To not desire these roles at all exposes a heart that spurns femininity and God’s divine design. A woman's mothering and nurturing instinct is not a design flaw. In God’s sovereignty and providence, however, that does not always mean you will get married and have children.

'God gives many promises for those in Christ, but none of them includes a spouse. Yes, marriage is a wonderful gift and one worth praying for, but God doesn’t guarantee we will marry. Even for those who are given this gift, it is not promised for a lifetime, as many young widows can attest.’ [Kelly Needham]

Christ is to be our joy and portion in whatever season God has arranged for us (Lamentations 3:24). God never withholds good things from His children (Psalm 84:11).

Principle #2:

This one is on the guys.

To find a wife is to find a good thing and to obtain favour from the Lord. We live in a society where selfishness and self-centredness rule. Many men have also not viewed pursuing a wife as pursuing something excellent or worthy.

They tend to be apathetic and are delaying marriage for further studies, career climbing, selfish agendas and delayed manhood. (And then the church tends to lay the blame and burden at the feet of single women.)

Principle #3:

When motherhood becomes the highest calling, it is often pursued at the expense of marriage and becomes about a biological clock. This is a feminist approach and is ironic. Motherhood is pursued sans a husband; sperm donors and adoption become a solution for women wanting to be mothers, to give expression to their natural maternal desires. Single motherhood is applauded as noble and a valid choice. This pragmatic approach once again distorts God's divine design for the family.

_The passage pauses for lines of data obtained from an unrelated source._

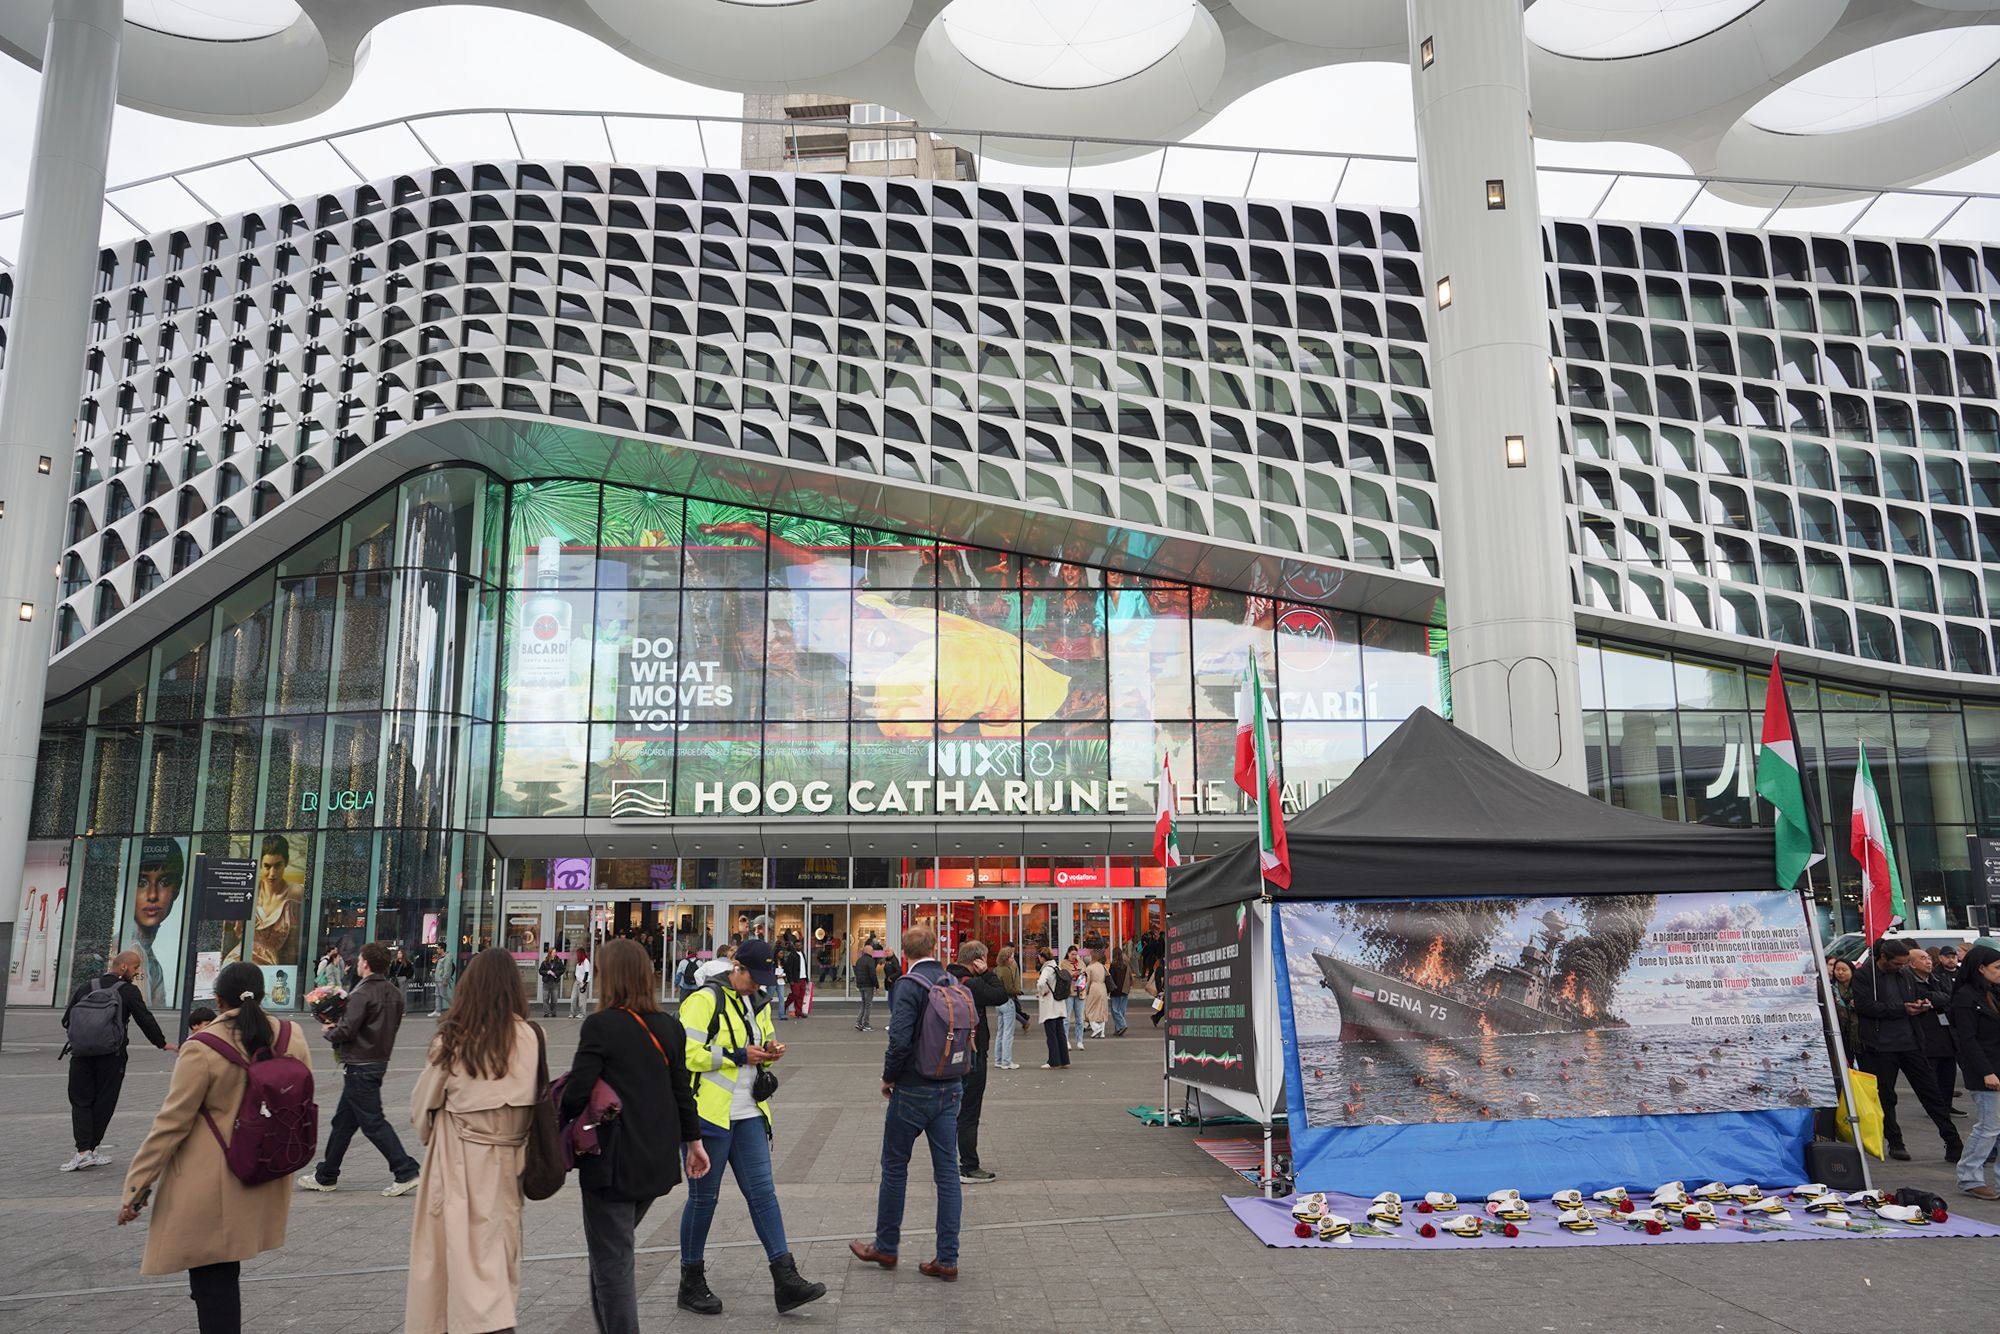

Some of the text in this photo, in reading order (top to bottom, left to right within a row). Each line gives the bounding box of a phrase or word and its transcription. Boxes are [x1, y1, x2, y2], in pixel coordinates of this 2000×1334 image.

[631, 637, 674, 659] DO
[630, 661, 721, 683] WHAT
[629, 685, 734, 707] MOVES
[1234, 681, 1378, 720] ACARDÍ
[628, 709, 690, 732] YOU
[928, 742, 1055, 777] NIX18
[694, 780, 834, 814] HOOG
[848, 780, 1129, 813] CATHARIJNE
[1653, 928, 1799, 942] A blatant barbaric crime in open waters
[1668, 940, 1800, 954] Killing of 104 innocent Iranian lives
[1638, 956, 1657, 967] Done
[1657, 955, 1668, 967] by
[1669, 955, 1684, 965] USA
[1684, 955, 1694, 964] as
[1695, 954, 1701, 964] if
[1702, 954, 1708, 963] it
[1710, 954, 1725, 963] was
[1726, 954, 1737, 963] an
[1686, 976, 1807, 989] Shame on Trump! Shame on USA!
[1377, 988, 1448, 1021] DENA 75
[1691, 1012, 1813, 1026] 4th of march 2026, Indian Ocean

As Christian women, we need to be careful of misrepresenting God’s beautiful intent of marriage.

Marriage, not motherhood pre-dates the fall. Marriage, not motherhood is what God chose, pre-Creation, to give expression to His redemptive plan and to illustrate Christ’s love for the Church. Marriage uniquely displays the Gospel. This is God’s sovereign plan and we don’t get to mess with that.

We need to display this as beautiful and desirable.

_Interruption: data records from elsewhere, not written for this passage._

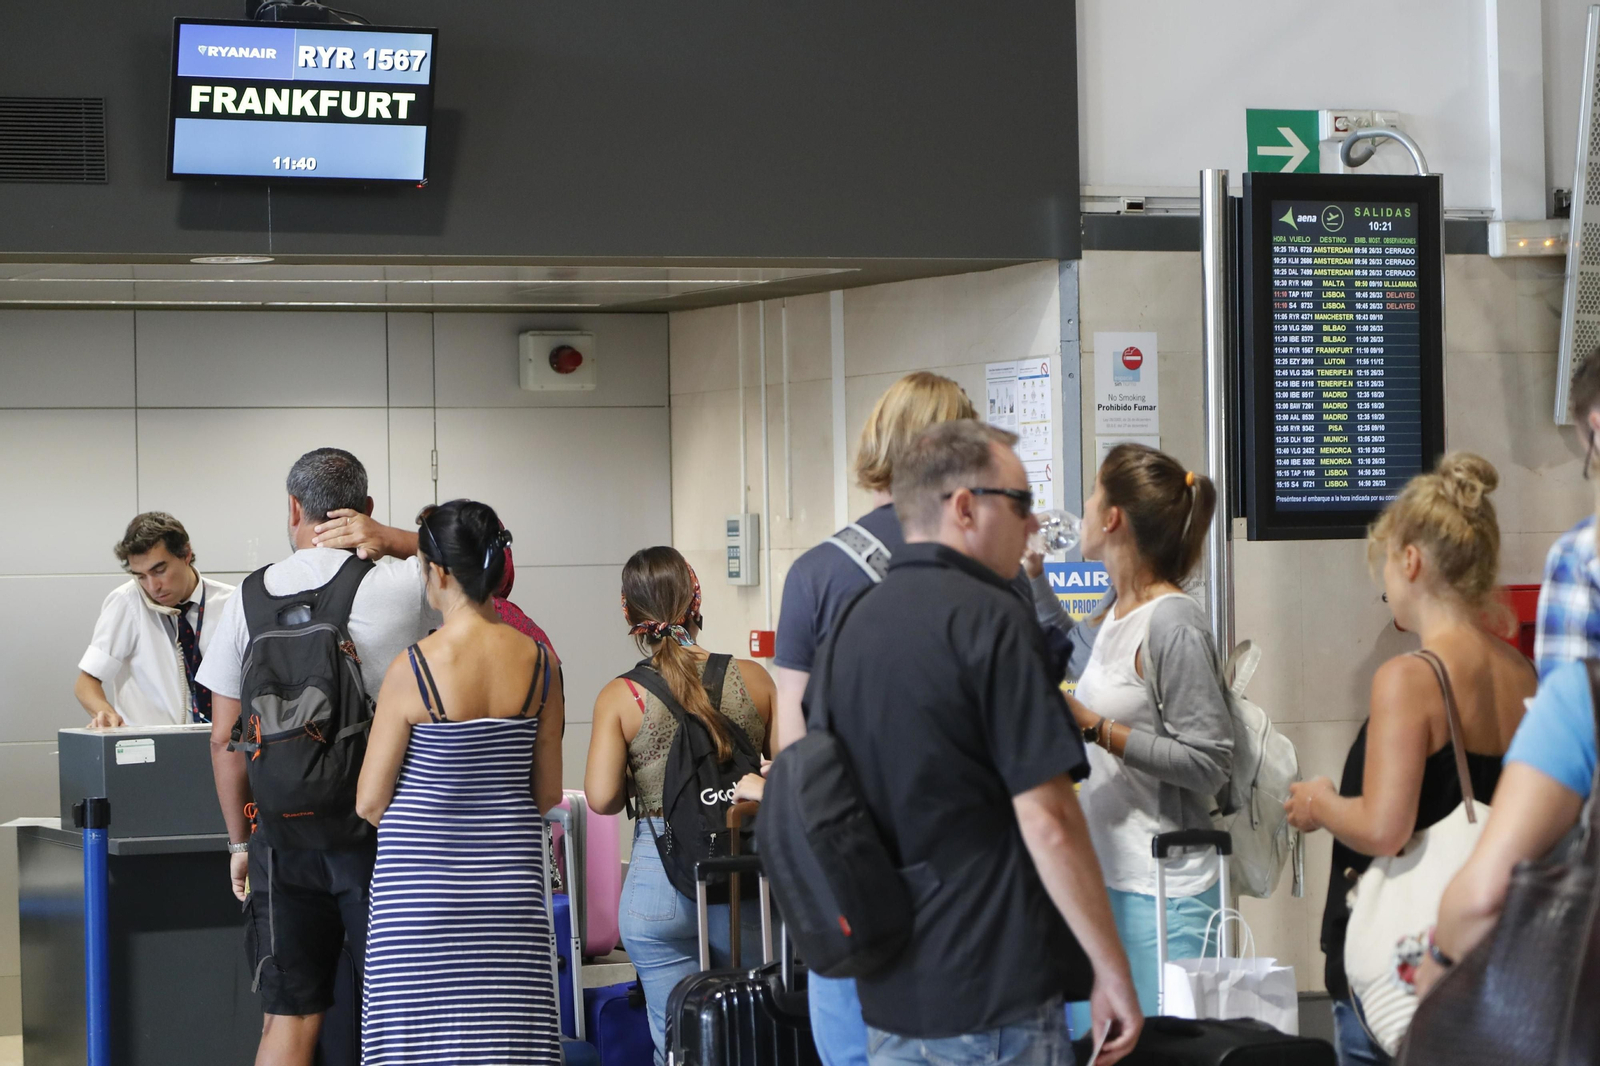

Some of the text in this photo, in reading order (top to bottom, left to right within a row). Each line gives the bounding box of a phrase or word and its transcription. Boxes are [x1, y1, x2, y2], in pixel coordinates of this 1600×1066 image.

[208, 46, 277, 59] RYANAIR
[297, 45, 427, 72] RYR 1567
[190, 85, 416, 120] FRANKFURT
[272, 156, 318, 172] 11:40
[1354, 207, 1411, 218] SALIDAS
[1297, 214, 1317, 223] aena
[1368, 221, 1392, 231] 10:21
[1118, 393, 1146, 403] Smoking
[1097, 403, 1132, 411] Prohibido
[1307, 495, 1330, 503] embarque

‘Married womanhood (and motherhood) has a unique potential for magnifying Christ that single womanhood does not have. Single womanhood has its unique potential for magnifying Christ which married womanhood (and motherhood) does not have. True womanhood is too strategic. Don’t waste it. Your womanhood - your true womanhood –was made for the glory of Jesus Christ.' (John Piper)

Both will hear the words on that day, ‘Well done, good and faithful servant.’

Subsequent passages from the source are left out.